In 2014, she began working for SBS's The Feed, creating small segments where she presents small comedy segments including "Pranked with Lee Lin Chin", "Lee Lin Chin Versus Maggie Beer", "Celebrity Chin Wag", comedic cooking show "Lee Linguine" and most recently "The Real Newsreaders of Sydney" with fellow newsreaders Sandra Sully and Natalie Barr.

On 18 May 2015, she was announced to be Australia's spokesperson for the 2015 Eurovision Song Contest. She gave the twelve points to the eventual winner, Sweden's Måns Zelmerlöw and his song "Heroes". She returned to this role in 2016 and gave twelve points to Belgium's Laura Tesoro and her song "What's the Pressure", and also the following year, where the twelve points were awarded to the United Kingdom's Lucie Jones with her song "Never Give Up On You". In 2018, she was replaced in this role by Ricardo Goncalves.

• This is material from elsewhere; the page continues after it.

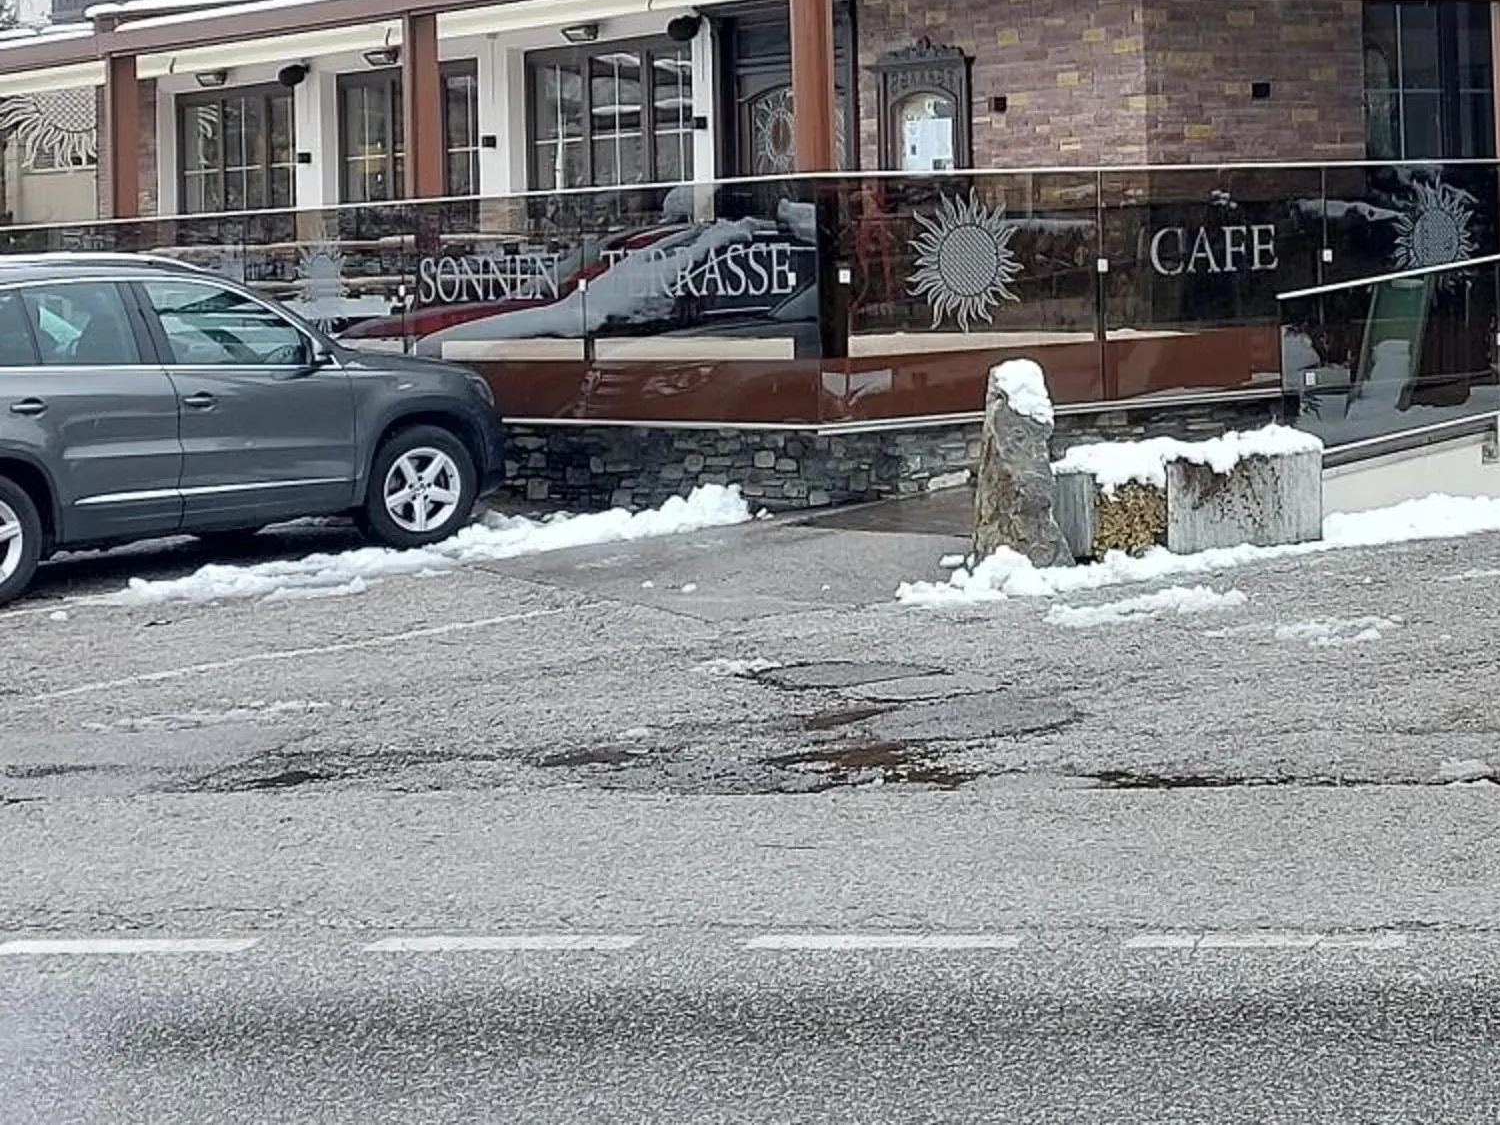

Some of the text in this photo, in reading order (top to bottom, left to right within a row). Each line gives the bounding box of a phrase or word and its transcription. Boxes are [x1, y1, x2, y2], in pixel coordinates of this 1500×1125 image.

[418, 242, 793, 303] SONNEN TERRASSE
[1150, 224, 1279, 276] CAFE

On 6 August 2015, The Sydney Morning Herald revealed that the tweets posted on her official Twitter account were ghostwritten by comedian Chris Leben, head comedy writer for The Feed.

Her 'Chinspirational' book, Iced Beer and Other Tantalising Tips for Life, co-written with Chris Leben, was published in 2016.

In July 2018, she announced her resignation stating that "...working two days a week didn't give me enough time to devote to the pub and re-reading the complete works of Shakespeare. So now that I work zero days that issue has been addressed." She later revealed that in her resignation letter, she stated that the reason behind her departure was due to systemic workplace issues at the broadcaster including a lack of diversity in management and their "lack of consideration and common human respect" for staff.

In October 2018, she was placed number 74 on Maxim magazine's Hot 100 list.

==Personal life==
Chin speaks conversational Cantonese, Mandarin and Hokkien.